Frenkel defect in fluorite - Tribulations

Avant-propos :

L'article qui suit n'est pas à prendre pour argent comptant, il est le fruit de réflexions et de spéculations qui n'engage que moi. Des investigations supplémentaires doivent être menées afin de corroborer ou non les hypothèses mises en avant dans les lignes qui suivent. En vous souhaitant une bonne lecture !

Rémi BORNET - le 29 août 2018

Photo ci-contre :
Fluorine de la Mine de La Barre, Puy-de-Dôme, France avec impressionnant défaut de Frenkel en sapin - 2,6 x 1,8 x 1,7 cm.

Introduction :

Le "défaut de Frenkel" est le nom généralement donné par les collectionneurs de minéraux à une coloration particulière qui suit la direction d'une grande diagonale du cube (en vert sur le schéma 3D de gauche), dont l'observation la plus spectaculaire se fait perpendiculairement à une face du cube. Nous ne connaissons pas l'origine exacte de cette dénomination, il semblerait qu'elle provienne de la littérature scientifique espagnole, mais sans réelle certitude (Nassau, K. 1980 - Las causas del color. Investigacion y ciencia / Bocamina Volume 2 "Fluorita de Asturia"). Cette coloration est peu fréquente et de couleur verte et n'est visible que selon 2 faces opposées du cube. Le "défaut de Frenkel" est souvent confondu avec la zonation sur (111) qui produit des triangles de couleurs variés perpendiculaire au sommet du cube (en violet sur le schéma 3D de gauche). Ces triangles sont eux visibles à partir des 3 faces adjacentes au sommet du cube. Cependant il faut noter que ces 2 caractéristiques sont très souvent associées et sont à l'origine de couleurs bizarres...

Défaut de Frenkel vert dans une fluorine de La Barre, Puy-de-Dôme, France
Double "défaut de Frenkel" sur fluorine de La Barre, Puy-de-Dôme, France
A.- "Défaut de Frenkel" vert
B.- Zonation violette de la face (111) de l'octaèdre
Zonation de la face (111) en association avec "défaut de Frenkel" en vue orthogonale

Défaut de Frenkel - Définition scientifique :

En cristallographie, afin de mieux comprendre l'agencement de la matière à l'échelle atomique on considère des modèles de cristaux parfaits dans lesquels tout est idéal. Chaque atome ainsi à sa place constitue la brique d'une structure cristalline à grande échelle à la géométrie parfaite. Mais il n'y a rien de plus imparfait que la Nature, et en réalité les défauts d'empilement sont fréquents et abondants. Parmi ces défauts, on note celui de Frenkel justement. C'est lorsqu'un atome ou un ion quitte sa position normale pour venir en position interstitielle (voir schéma de droite). Etant donné la différence de taille de l'atome de calcium, 4,6 fois plus gros que celui de fluor, on comprend aisément qu'il n'est pas très compliqué de rajouter du fluor en position interstitielle puisque il y a la place pour 4 ou 5 atomes de fluor sur le site de ce même fluor... (Voir schéma de droite avec dimensions relatives des atomes de calcium en rouge et de fluor en bleu respectées). Cependant si ces défauts ponctuels sont forcément présent au sein d'un cristal de fluorine, à l'échelle atomique ils ne peuvent pas expliquer une coloration visible à l'oeil nu, à moins d'êtres regroupé ou concentré à un endroit précis.

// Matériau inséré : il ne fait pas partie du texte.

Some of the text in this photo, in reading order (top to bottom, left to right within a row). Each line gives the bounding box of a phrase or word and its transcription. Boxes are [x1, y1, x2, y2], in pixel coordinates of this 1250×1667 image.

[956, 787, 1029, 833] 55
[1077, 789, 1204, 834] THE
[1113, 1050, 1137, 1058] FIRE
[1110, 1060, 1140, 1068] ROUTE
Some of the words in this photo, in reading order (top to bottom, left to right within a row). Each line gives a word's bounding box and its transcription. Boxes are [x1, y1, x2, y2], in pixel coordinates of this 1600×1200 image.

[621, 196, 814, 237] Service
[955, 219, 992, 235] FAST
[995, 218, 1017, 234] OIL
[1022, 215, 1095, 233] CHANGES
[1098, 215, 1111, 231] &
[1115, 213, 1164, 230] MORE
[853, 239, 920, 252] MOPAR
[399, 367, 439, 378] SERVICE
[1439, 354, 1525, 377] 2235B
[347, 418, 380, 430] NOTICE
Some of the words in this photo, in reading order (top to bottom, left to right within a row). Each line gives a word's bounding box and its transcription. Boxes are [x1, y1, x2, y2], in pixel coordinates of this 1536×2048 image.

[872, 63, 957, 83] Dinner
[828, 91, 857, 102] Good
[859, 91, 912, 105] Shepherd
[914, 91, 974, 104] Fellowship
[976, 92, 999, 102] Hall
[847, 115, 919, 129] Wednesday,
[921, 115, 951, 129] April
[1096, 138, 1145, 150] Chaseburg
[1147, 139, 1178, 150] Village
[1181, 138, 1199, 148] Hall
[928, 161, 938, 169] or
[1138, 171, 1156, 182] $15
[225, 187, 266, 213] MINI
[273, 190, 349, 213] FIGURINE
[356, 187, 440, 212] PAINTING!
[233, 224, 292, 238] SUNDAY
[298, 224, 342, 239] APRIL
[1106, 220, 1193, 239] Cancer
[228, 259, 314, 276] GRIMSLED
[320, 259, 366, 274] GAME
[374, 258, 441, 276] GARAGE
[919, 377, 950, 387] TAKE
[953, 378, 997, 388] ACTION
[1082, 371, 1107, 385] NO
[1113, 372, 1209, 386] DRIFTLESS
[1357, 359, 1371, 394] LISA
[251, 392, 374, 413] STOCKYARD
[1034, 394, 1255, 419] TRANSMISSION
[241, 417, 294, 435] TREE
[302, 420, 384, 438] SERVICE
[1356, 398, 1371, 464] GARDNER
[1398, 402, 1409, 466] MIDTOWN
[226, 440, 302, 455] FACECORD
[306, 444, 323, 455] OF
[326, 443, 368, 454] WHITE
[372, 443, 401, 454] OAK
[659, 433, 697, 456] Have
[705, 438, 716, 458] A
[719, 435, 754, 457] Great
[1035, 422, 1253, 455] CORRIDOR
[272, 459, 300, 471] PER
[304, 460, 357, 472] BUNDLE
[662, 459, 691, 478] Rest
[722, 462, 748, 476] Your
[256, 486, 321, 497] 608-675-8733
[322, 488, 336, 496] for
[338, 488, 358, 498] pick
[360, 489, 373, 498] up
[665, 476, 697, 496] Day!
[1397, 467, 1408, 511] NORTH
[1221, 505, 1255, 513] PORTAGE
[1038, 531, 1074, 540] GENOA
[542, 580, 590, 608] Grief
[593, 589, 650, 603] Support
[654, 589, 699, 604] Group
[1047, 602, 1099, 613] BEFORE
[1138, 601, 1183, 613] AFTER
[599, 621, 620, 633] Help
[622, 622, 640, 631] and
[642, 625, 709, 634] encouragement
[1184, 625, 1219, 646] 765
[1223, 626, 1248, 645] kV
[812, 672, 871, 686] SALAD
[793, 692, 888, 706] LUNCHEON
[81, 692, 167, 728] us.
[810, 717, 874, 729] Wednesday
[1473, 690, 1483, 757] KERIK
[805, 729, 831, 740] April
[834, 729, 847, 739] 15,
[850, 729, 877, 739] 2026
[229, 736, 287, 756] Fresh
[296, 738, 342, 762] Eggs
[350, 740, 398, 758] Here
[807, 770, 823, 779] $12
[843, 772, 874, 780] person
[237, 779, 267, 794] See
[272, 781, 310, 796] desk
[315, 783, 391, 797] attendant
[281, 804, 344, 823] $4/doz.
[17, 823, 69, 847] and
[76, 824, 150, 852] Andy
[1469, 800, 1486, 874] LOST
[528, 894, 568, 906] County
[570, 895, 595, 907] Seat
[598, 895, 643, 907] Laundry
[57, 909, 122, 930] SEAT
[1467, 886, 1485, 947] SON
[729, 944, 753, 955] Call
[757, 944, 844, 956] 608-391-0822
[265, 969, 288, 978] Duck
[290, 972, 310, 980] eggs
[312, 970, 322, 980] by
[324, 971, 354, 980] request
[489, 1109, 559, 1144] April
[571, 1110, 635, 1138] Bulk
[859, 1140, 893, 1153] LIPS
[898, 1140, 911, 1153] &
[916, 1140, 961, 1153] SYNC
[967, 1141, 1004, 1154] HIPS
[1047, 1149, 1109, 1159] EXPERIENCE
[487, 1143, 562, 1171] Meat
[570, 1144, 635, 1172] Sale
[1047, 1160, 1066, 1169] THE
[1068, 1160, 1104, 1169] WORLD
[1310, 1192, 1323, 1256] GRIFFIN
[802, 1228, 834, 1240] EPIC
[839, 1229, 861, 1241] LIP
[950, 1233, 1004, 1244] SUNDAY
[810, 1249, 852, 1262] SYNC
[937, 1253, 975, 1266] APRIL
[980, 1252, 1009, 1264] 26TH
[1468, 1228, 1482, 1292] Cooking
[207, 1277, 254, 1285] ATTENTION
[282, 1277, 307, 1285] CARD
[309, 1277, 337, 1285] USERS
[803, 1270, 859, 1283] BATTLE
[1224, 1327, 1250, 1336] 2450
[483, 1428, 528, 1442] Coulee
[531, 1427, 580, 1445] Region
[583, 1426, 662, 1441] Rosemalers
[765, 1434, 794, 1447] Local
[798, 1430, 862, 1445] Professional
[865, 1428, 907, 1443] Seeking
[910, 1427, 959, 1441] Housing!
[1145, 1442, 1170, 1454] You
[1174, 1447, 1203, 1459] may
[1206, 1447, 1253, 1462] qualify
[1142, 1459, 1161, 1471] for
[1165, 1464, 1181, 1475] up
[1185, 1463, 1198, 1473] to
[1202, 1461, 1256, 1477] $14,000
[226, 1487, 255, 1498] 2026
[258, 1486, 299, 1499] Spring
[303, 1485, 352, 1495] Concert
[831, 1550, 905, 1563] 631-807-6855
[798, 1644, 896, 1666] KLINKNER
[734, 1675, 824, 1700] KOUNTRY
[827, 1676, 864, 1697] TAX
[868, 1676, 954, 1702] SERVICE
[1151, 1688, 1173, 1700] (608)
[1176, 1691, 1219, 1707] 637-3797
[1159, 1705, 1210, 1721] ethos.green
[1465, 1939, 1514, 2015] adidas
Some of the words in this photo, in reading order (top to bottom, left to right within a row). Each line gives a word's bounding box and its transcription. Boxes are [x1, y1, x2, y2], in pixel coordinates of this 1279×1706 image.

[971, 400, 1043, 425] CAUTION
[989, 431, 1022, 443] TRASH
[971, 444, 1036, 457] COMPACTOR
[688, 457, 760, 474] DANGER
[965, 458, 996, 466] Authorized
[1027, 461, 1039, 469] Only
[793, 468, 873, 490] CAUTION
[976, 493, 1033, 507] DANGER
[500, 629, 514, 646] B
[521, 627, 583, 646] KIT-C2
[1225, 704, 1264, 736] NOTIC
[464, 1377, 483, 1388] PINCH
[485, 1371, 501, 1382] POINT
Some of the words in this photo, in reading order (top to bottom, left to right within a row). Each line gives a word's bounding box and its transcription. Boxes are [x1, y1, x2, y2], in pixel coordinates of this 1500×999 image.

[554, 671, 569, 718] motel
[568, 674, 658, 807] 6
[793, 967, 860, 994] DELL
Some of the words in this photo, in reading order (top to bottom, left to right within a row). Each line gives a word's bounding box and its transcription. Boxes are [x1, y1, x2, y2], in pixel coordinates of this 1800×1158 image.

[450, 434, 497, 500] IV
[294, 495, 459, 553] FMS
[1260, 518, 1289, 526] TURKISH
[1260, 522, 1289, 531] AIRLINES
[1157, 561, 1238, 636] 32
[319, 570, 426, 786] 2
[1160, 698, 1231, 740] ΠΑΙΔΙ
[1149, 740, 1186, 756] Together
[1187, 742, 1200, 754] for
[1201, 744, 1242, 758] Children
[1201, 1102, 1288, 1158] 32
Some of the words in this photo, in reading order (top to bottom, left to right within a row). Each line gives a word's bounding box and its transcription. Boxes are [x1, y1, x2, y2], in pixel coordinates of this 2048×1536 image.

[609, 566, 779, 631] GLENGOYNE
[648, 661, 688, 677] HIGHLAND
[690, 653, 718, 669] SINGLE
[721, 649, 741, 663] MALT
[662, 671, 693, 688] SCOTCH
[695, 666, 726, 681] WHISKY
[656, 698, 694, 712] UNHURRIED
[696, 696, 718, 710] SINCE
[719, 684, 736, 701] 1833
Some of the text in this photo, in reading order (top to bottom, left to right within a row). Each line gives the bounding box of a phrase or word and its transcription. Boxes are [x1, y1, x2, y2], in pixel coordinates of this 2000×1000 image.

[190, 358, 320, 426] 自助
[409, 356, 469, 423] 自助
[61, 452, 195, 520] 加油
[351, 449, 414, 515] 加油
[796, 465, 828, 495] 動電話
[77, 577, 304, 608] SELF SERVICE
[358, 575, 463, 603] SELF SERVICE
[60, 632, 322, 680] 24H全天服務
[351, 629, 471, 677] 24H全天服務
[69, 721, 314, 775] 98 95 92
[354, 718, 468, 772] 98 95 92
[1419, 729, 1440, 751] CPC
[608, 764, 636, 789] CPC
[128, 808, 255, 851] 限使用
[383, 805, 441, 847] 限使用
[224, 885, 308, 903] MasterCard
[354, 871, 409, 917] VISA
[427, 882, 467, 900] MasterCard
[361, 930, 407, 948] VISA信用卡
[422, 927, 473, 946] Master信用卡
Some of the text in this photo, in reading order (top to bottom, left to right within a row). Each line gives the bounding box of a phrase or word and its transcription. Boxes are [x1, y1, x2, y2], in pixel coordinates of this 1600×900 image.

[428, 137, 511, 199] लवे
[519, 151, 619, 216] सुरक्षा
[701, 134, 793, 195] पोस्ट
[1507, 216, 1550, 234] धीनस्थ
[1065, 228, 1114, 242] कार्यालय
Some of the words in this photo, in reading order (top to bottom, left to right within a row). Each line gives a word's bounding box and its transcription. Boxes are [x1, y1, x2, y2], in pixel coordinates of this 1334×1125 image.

Mode de croissance d'un cube de fluorine

Lorsque l'on observe des cubes de fluorine (tous gisements confondus) et que l'on attache de l'importance aux détails de surfaces des cristaux, on remarque très vite la présence de structures spiralées de formes carrés, rectangulaires ou rondes sur les faces. Ces structures sont soit en bosses soit en creux, ce sont donc soit des figures de croissances soit des figures de dissolution. En réalité ces formes sont liées elles aussi à un défaut cristallin : la dislocation vis. Lors de la croissance d'une face d'un cube de fluorine, il n'est pas rare qu'un petit cristal d'une autre espèce minérale (sulfure, oxyde ou autre...) vienne se coller sur la fluorine qui en deviendra son hôte, on parle in fine tout simplement d'inclusions. Ce minéral étranger va ainsi venir géner la croissance de la fluorine en décalant des couches atomiques et ce décalage va considérablement accéler la croissance du cube. Les atomes vont alors s'empiler rapidemment en suivant une spirale dont le centre est le défaut lui même, de l'intérieur de la face du cube vers l'extérieur. Sur la photo de gauche, une fluorine anglaise maclée on le voit très bien, dans ce cas précis, le défaut d'empilement provient de la macle elle-même et la dislocation tourne autour.

Evolution d'une dislocation vis
Principe de la disclocation vis sur une maille cubique
Dislocation vis sur cube maclée de fluorine anglaise
Dislocation vis sur cube de fluorine bleue sous un quartz

Hypothèses de formation du "Défaut de Frenkel" des fluorines

Lorsque l'on a une ou plusieurs spirales de dislocation sur une face, la dernière partie de la face à grandir est l'extérieur, ou autrement dit l'arête du cube. Maintenant si 2 faces adjacentes du cubes grandissent par dislocation en même temps on se retrouve donc à l'échelle atomique avec une "marche d'escalier" au niveau de d'arête du cube lorsque les dislocations se rejoignent (schéma ci-dessous). L'arête du cube présente alors un défaut de charge électronique très important. Plusieurs hypothèses s'ouvrent alors :

1.- Ce défaut de charge va permettre d'attirer beaucoup plus d'atome de fluor que sur le centre d'une face par exemple. Le site du fluor permettant physiquement d'accueillir plusieurs atomes de fluor, il va être alors saturé. Des atomes de fluor seront alors davantage lacunaires dans l'environnement proche de cette zone afin d'équilibrer la charge électrique à l'échelle du cristal. A l'échelle de l'arête en revanche, on a un grand nombre d'anions en position interstitielle qui expliquerait que cela se traduise à l'oeil nu par une modification de l'absorption de la lumière et donc plus largement une modification de la couleur. L'appelation "défaut de Frenkel" serait alors pertinente.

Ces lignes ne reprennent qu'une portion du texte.